* [What the exercise asks]
From the first line to the last, repeat the records exactly and skip the pictures.

* [Supplied data]
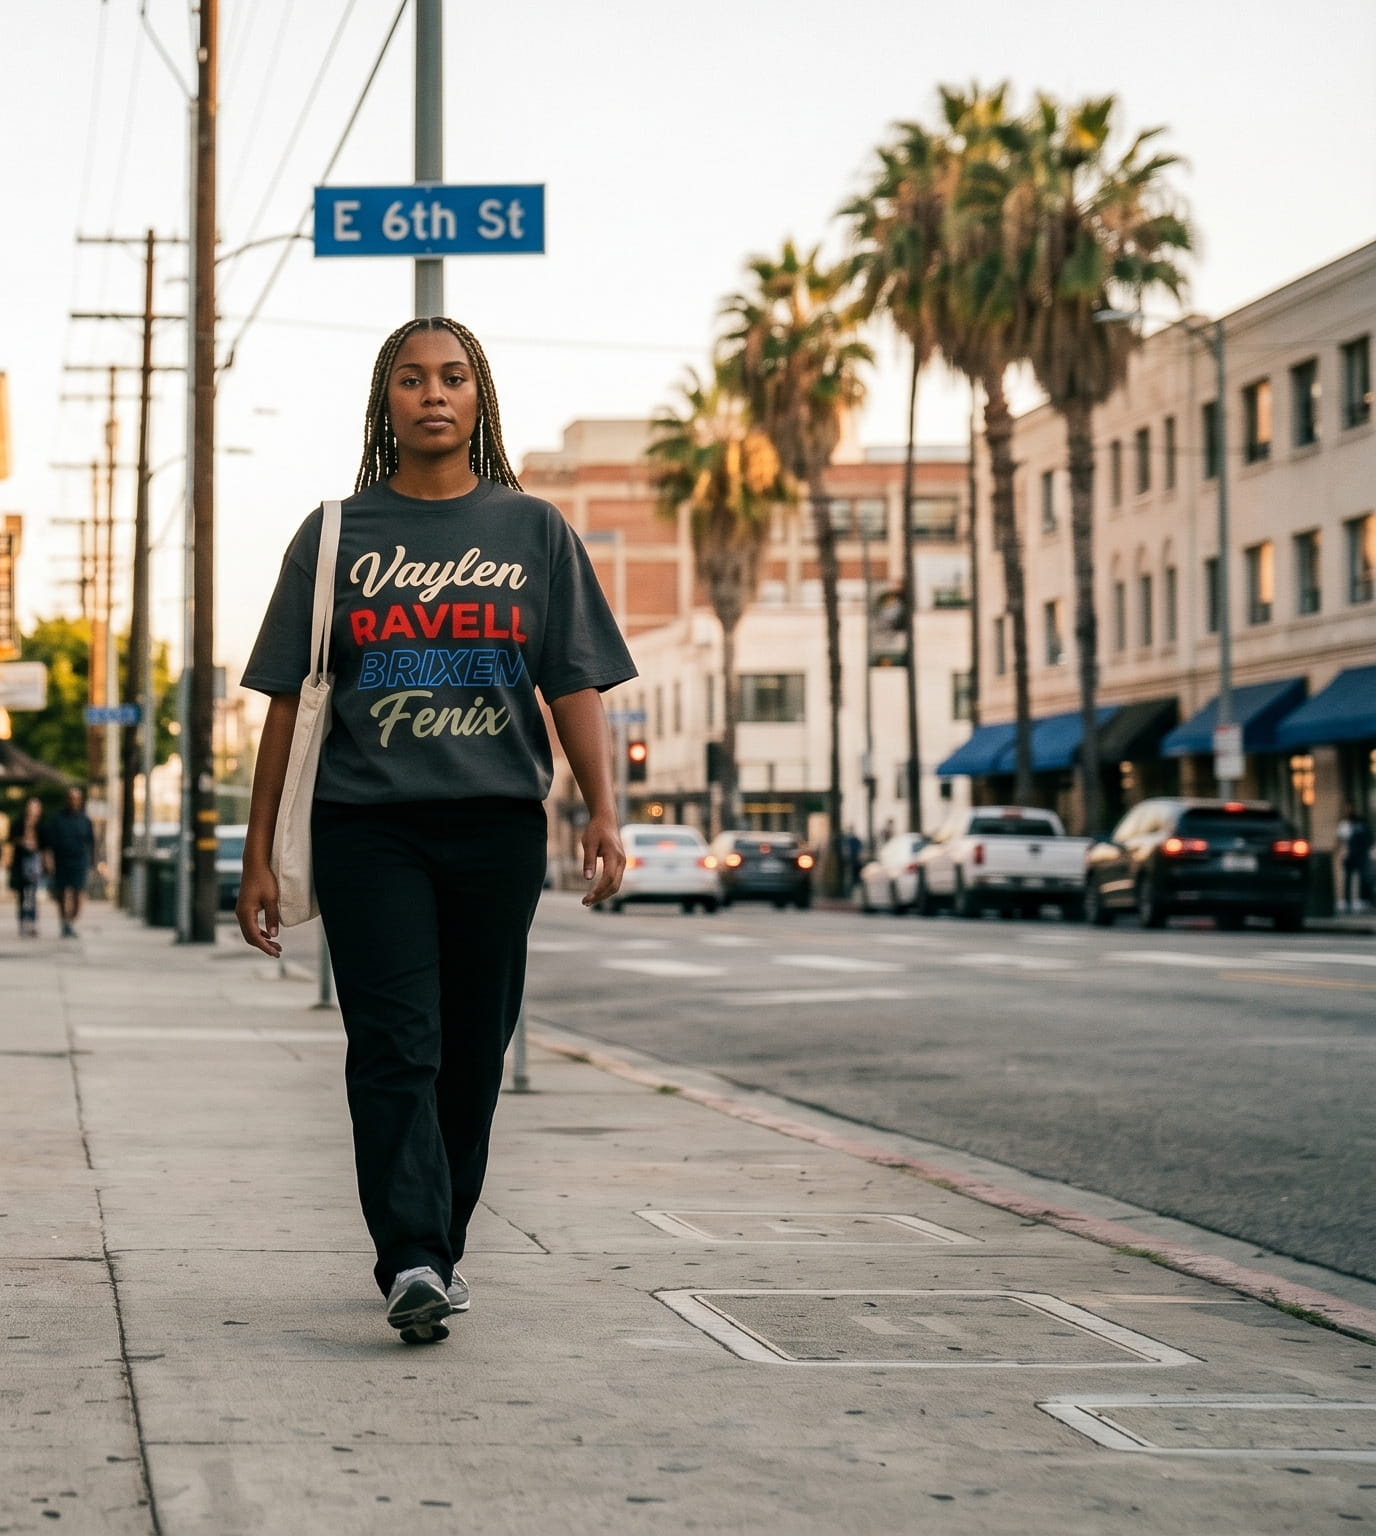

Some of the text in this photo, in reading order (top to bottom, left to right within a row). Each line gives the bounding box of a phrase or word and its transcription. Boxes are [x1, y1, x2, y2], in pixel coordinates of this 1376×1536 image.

[333, 199, 525, 242] E 6th St
[349, 545, 528, 603] Vaylen
[349, 602, 529, 646] RAVELL
[357, 648, 525, 691] BRIXEN
[369, 689, 512, 748] Fenix

* [Result for this task]
Some of the text in this photo, in reading order (top to bottom, left to right within a row). Each line gives the bounding box of a phrase or word and its transcription. Boxes are [x1, y1, x2, y2], in pixel coordinates of this 1376×1536 image.

[333, 199, 525, 242] E 6th St
[349, 545, 528, 603] Vaylen
[349, 602, 529, 646] RAVELL
[357, 648, 525, 691] BRIXEN
[369, 689, 512, 748] Fenix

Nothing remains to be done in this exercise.